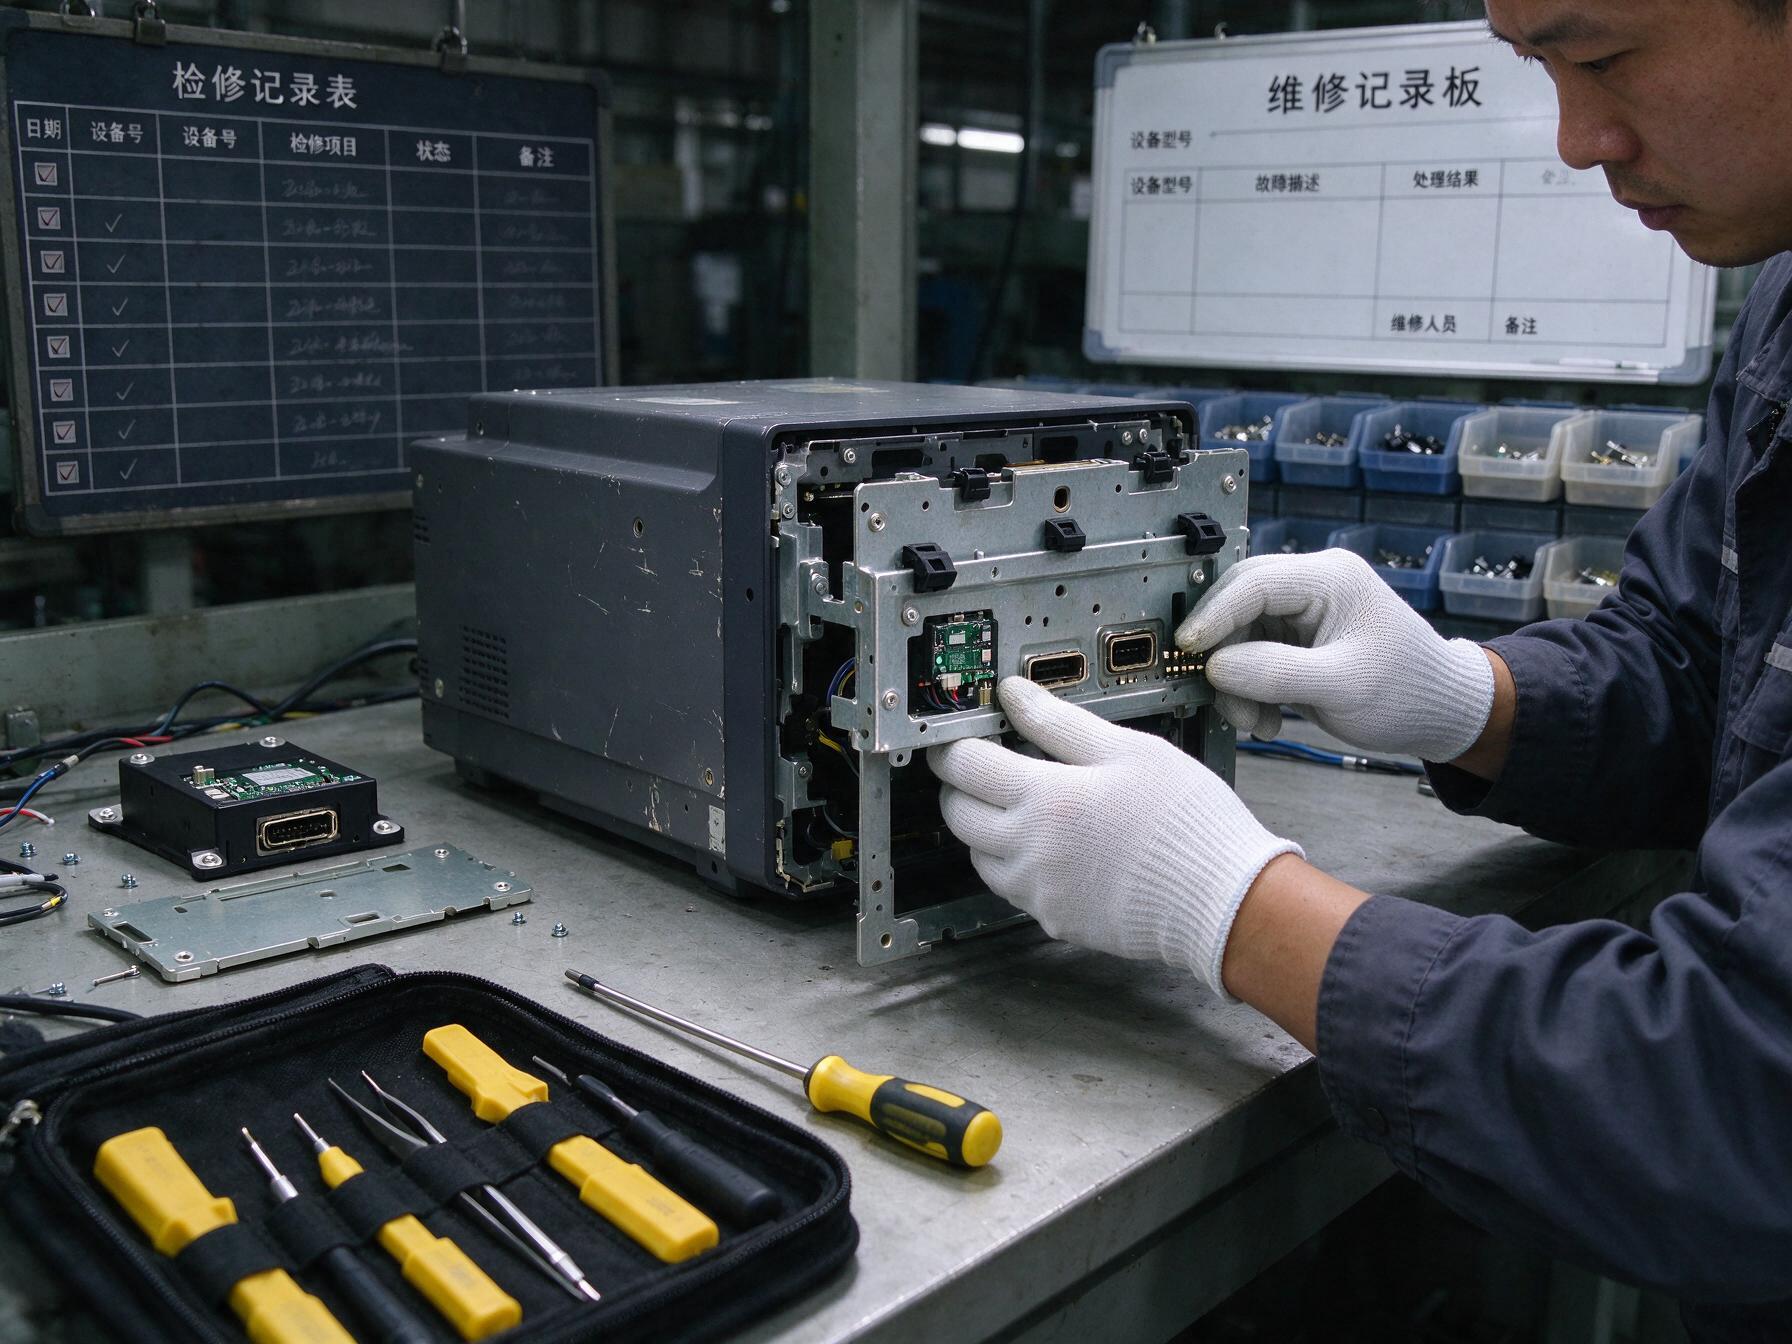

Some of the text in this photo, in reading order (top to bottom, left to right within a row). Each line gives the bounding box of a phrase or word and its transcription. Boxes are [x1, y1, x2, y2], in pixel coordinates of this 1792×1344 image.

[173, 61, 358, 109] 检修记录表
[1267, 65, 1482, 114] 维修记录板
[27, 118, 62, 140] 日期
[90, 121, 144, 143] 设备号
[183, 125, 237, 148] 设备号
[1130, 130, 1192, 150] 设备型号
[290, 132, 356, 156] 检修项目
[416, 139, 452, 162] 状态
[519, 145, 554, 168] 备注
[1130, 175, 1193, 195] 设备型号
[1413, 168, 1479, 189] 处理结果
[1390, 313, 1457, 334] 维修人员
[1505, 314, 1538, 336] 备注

________

Print the material above exactly, skipping its images.

Some of the text in this photo, in reading order (top to bottom, left to right within a row). Each line gives the bounding box of a phrase or word and its transcription. Boxes are [x1, y1, x2, y2], in pixel coordinates of this 1792×1344 image.

[173, 61, 358, 109] 检修记录表
[1267, 65, 1482, 114] 维修记录板
[27, 118, 62, 140] 日期
[90, 121, 144, 143] 设备号
[183, 125, 237, 148] 设备号
[1130, 130, 1192, 150] 设备型号
[290, 132, 356, 156] 检修项目
[416, 139, 452, 162] 状态
[519, 145, 554, 168] 备注
[1130, 175, 1193, 195] 设备型号
[1413, 168, 1479, 189] 处理结果
[1390, 313, 1457, 334] 维修人员
[1505, 314, 1538, 336] 备注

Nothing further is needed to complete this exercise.